═════ RECORD EXTRACTS ═════

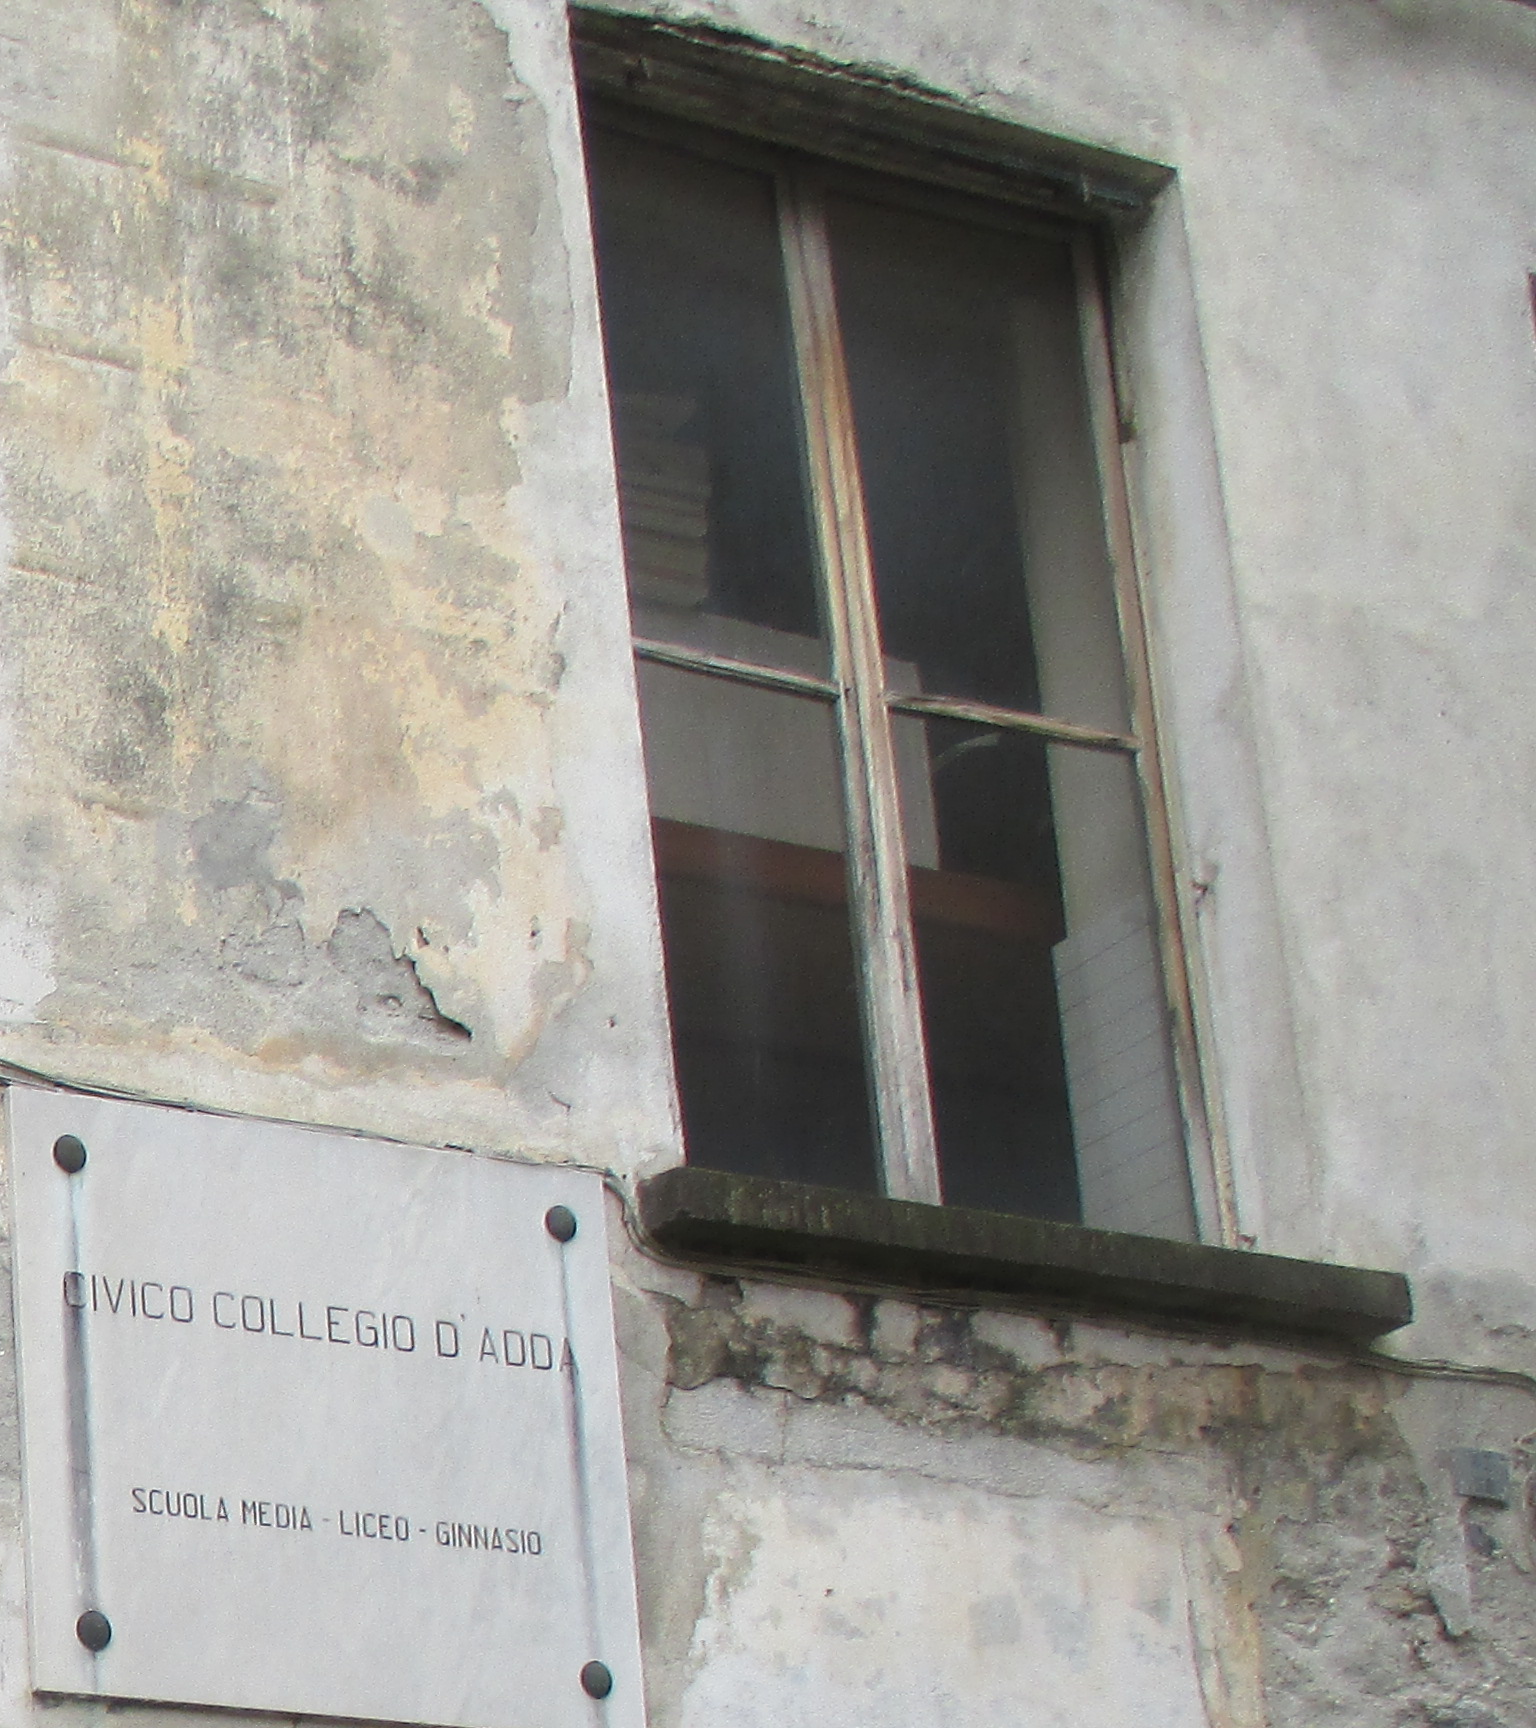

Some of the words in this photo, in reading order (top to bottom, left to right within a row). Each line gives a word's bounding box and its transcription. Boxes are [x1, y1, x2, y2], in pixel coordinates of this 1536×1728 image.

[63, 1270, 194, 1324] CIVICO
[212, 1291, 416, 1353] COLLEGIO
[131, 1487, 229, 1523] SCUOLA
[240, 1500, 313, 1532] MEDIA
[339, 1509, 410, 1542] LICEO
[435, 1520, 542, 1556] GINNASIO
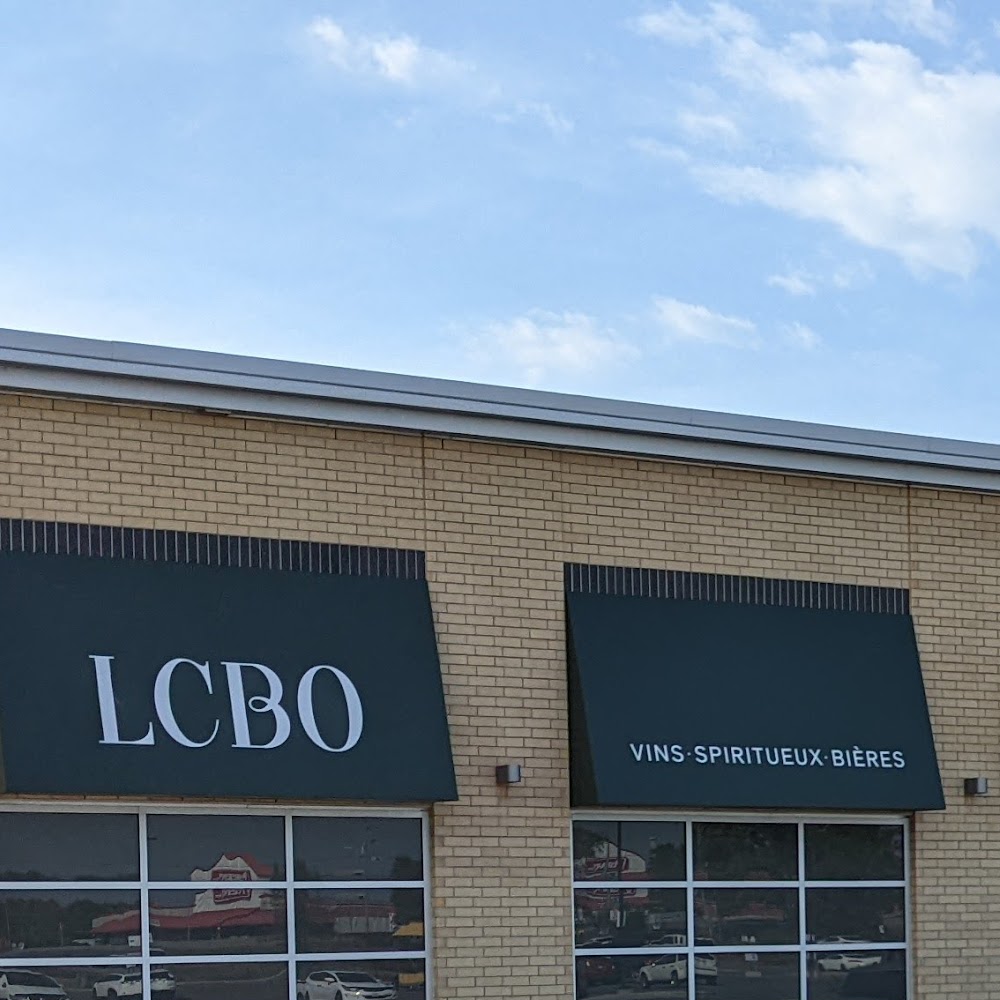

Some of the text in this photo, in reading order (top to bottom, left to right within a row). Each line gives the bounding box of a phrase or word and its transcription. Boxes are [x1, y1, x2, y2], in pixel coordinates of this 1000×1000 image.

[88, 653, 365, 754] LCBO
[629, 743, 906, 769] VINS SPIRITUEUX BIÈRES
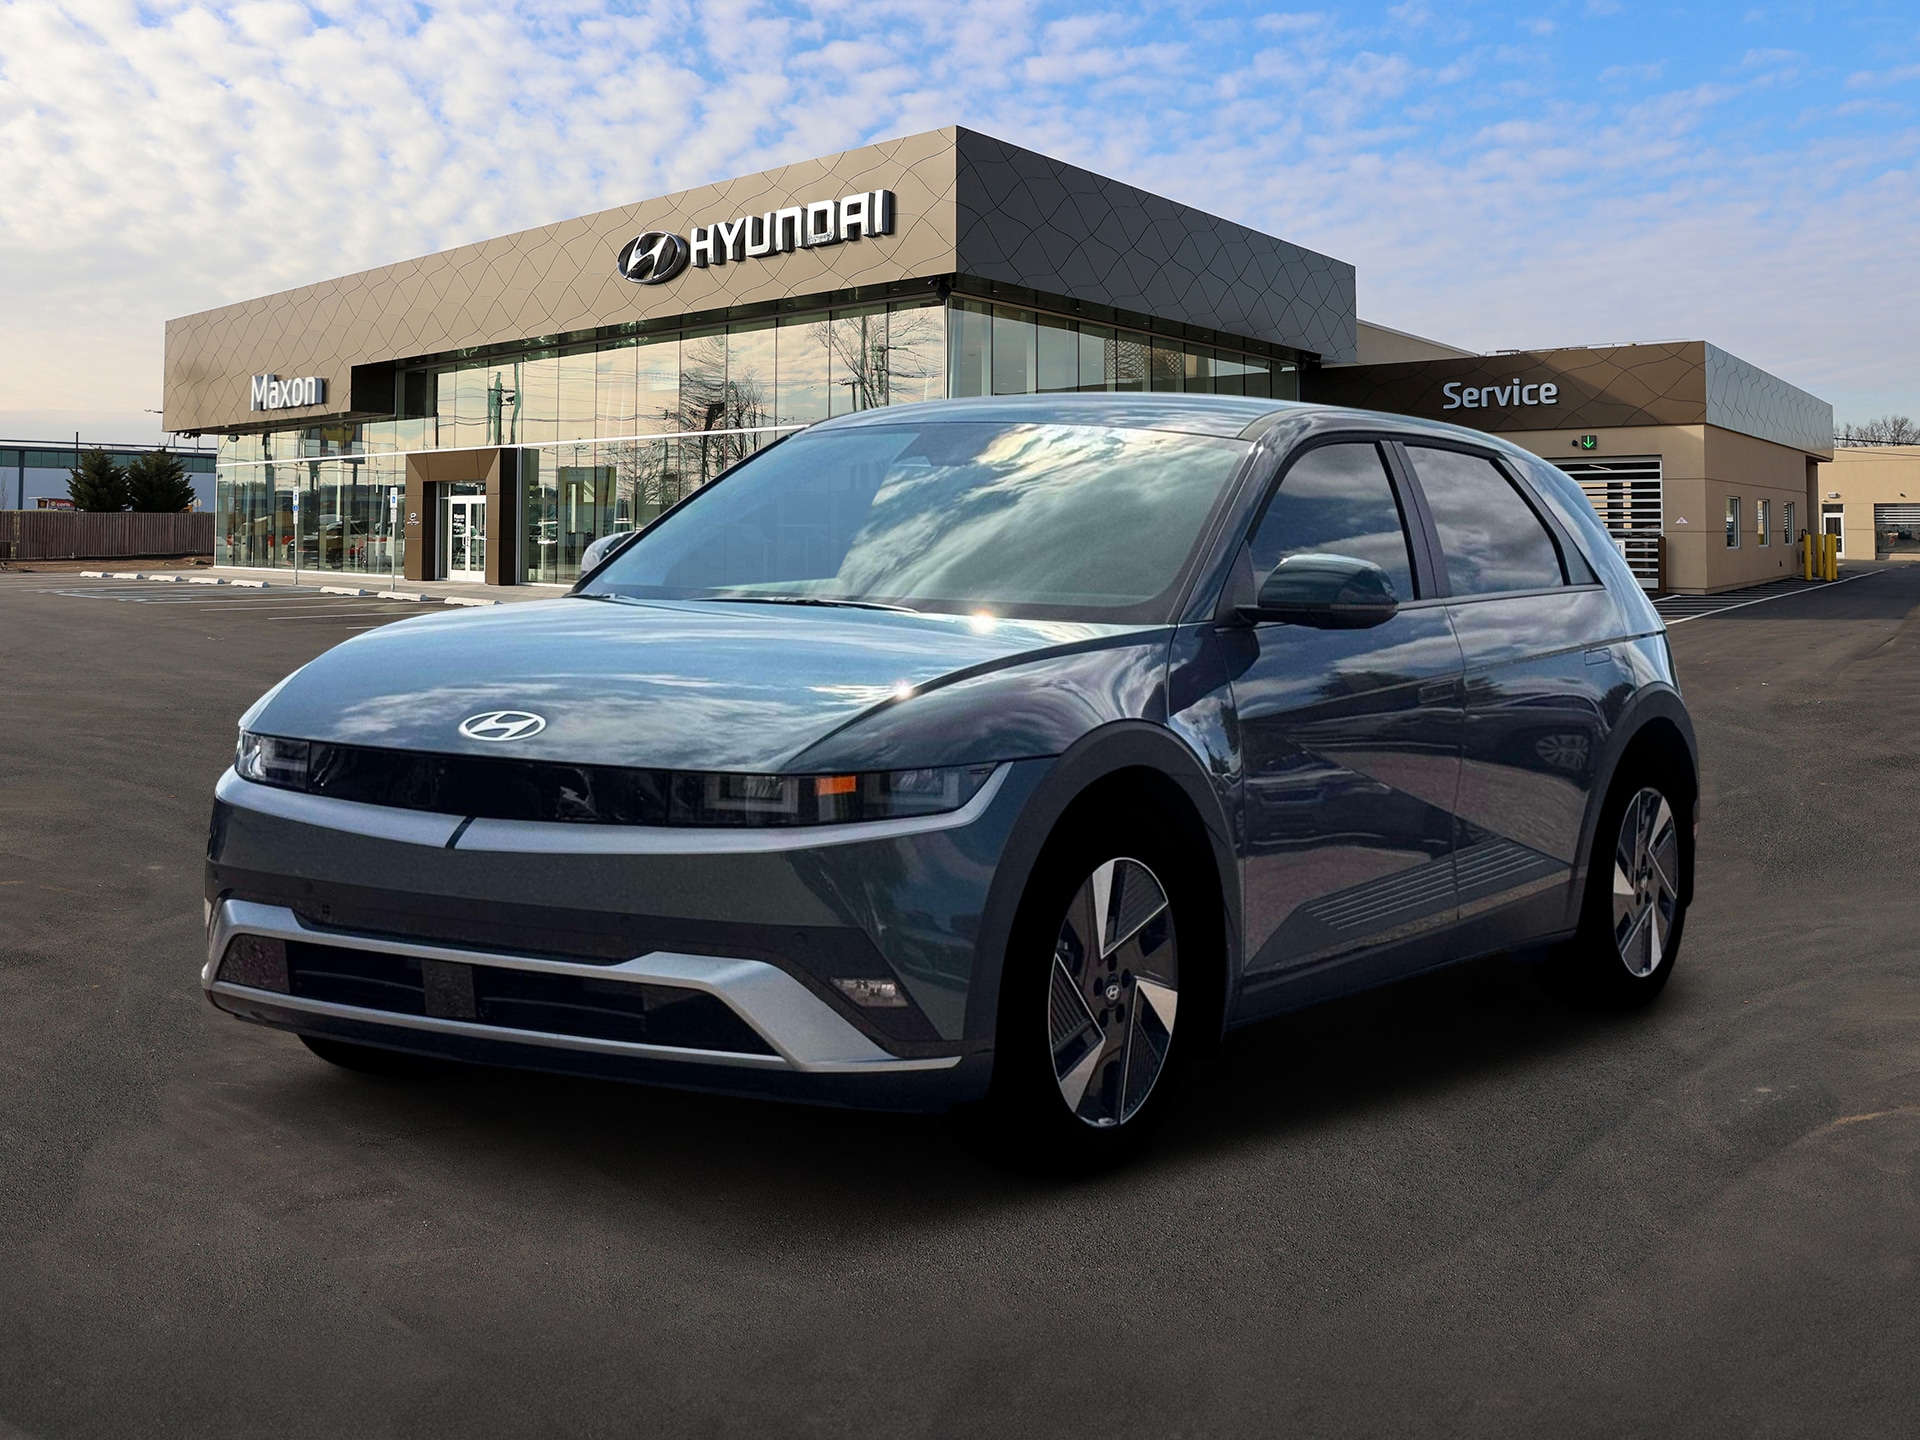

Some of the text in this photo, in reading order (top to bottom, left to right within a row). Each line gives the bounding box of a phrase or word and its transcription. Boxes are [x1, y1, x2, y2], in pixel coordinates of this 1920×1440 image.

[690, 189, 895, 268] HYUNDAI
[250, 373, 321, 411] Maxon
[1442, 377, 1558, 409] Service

═════

Render the data above verbatim and without pictures.

Some of the words in this photo, in reading order (top to bottom, left to right within a row). Each line gives a word's bounding box and its transcription. Boxes are [x1, y1, x2, y2], in pixel coordinates of this 1536×1728 image.

[63, 1270, 194, 1324] CIVICO
[212, 1291, 416, 1353] COLLEGIO
[131, 1487, 229, 1523] SCUOLA
[240, 1500, 313, 1532] MEDIA
[339, 1509, 410, 1542] LICEO
[435, 1520, 542, 1556] GINNASIO

Some of the text in this photo, in reading order (top to bottom, left to right within a row). Each line gives the bounding box of a phrase or word and its transcription. Boxes are [x1, y1, x2, y2], in pixel coordinates of this 1000×1000 image.

[88, 653, 365, 754] LCBO
[629, 743, 906, 769] VINS SPIRITUEUX BIÈRES

Some of the text in this photo, in reading order (top to bottom, left to right within a row). Each line gives the bounding box of a phrase or word and its transcription. Boxes are [x1, y1, x2, y2], in pixel coordinates of this 1920×1440 image.

[690, 189, 895, 268] HYUNDAI
[250, 373, 321, 411] Maxon
[1442, 377, 1558, 409] Service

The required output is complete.